I'm trying to prove that the vector field $\vec F=(xf(u),xg(u))$ with $u=xy$ is not conservative. I suppose that there is a function $\phi$ so that $\nabla \phi= \vec F$. So I need to satisfy that: $$\frac {\partial \phi}{\partial x}= yf(u)$$ $$\frac {\partial \phi}{\partial y}= xg(u)$$ Calculating the mixed partial for each I get that: $$\frac {\partial^2 \phi}{\partial x \partial y}= f(u)+y \frac{\partial f(u)}{\partial y}$$ $$\frac {\partial^2 \phi}{\partial y \partial x}= g(u)+x \frac{\partial g(u)}{\partial x}$$ Since mixed partials are equal I have that: $$f(u)+y \frac{\partial f(u)}{\partial y}=g(u)+x \frac{\partial g(u)}{\partial x}$$ and $\frac {\partial f(u)}{\partial y}=\frac {df}{du}\frac {\partial u}{\partial y}= x\frac{df}{du}$, applying this to both sides I end up with: $$f(u)+u \frac{df}{du}=g(u)+u \frac{dg}{du}$$ This is where I'm stuck, I'm not quite sure how to get a contradiction out of this or how I can show that this statement cannot hold. Should I have taken a different approach to this problem?

Answer 1

Hint: In three dimensions you would check if the vector field has a non-zero curl.

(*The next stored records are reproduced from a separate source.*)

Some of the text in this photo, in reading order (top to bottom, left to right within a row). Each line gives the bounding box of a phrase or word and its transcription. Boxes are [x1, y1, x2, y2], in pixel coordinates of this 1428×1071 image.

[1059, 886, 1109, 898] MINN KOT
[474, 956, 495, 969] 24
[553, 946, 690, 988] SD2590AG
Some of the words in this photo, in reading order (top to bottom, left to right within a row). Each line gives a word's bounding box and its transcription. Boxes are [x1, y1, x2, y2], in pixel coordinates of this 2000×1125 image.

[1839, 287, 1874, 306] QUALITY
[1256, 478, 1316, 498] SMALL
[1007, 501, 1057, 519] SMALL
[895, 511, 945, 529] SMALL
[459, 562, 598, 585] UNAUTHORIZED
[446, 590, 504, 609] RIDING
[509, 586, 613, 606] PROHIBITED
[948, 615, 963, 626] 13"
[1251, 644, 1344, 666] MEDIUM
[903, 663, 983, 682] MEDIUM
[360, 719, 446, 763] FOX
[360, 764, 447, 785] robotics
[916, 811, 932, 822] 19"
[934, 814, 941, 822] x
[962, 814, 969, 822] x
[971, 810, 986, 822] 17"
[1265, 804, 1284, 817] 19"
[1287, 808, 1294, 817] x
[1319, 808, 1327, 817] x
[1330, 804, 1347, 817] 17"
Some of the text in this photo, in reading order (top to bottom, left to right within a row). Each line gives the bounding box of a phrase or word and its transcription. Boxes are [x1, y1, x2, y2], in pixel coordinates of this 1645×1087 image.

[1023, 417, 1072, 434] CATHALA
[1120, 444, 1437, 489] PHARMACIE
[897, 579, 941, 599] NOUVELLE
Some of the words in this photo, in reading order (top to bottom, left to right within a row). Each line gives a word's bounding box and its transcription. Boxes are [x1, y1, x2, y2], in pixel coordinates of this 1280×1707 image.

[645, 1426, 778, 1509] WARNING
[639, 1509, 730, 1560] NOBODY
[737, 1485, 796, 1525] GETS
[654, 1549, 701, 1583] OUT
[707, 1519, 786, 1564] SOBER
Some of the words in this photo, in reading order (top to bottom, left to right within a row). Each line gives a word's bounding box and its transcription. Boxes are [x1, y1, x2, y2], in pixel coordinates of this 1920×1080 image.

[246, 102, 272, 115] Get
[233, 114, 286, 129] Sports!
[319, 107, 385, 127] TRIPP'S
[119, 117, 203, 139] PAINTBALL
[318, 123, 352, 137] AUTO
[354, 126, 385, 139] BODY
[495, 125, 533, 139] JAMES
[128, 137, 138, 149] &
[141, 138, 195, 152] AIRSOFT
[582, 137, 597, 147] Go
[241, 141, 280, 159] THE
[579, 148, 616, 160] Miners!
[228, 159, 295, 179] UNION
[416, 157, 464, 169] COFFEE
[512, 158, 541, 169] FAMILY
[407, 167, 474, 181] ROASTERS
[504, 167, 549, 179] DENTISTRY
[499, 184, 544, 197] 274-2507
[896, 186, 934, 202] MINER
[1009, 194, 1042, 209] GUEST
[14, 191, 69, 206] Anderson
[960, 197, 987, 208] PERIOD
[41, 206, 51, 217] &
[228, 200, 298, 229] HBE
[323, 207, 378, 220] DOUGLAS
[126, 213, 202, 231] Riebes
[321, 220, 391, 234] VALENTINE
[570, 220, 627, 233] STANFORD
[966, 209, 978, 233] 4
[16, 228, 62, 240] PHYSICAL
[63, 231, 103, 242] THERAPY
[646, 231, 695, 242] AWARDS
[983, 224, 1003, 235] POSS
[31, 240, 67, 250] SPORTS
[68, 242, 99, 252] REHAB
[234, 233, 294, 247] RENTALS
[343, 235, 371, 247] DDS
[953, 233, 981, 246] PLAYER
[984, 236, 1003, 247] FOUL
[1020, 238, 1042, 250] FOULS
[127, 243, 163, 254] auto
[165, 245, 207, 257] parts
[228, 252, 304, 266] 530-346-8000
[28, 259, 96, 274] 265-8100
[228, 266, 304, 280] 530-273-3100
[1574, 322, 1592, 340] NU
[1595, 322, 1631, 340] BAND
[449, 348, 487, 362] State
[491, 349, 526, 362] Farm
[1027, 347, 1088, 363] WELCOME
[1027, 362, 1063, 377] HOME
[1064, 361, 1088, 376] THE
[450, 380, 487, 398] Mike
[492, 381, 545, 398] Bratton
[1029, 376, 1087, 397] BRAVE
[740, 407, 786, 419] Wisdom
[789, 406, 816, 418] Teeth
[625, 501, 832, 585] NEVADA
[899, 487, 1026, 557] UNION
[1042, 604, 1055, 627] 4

Checking $F = (x f(u), x g(u), 0)$ we get $$ \DeclareMathOperator{curl}{curl} $$ \begin{align} \curl F &= (0, 0, \partial_x(x g(u)) - \partial_y(x f(u))) \\ &= (0, 0, g(u) + x g'(u)y - x f'(u) x) \\ &= (0, 0, g(u) + u g'(u) - x^2 f'(u)) \end{align} So we need $g$ and $f$ to check if that third component is non-zero.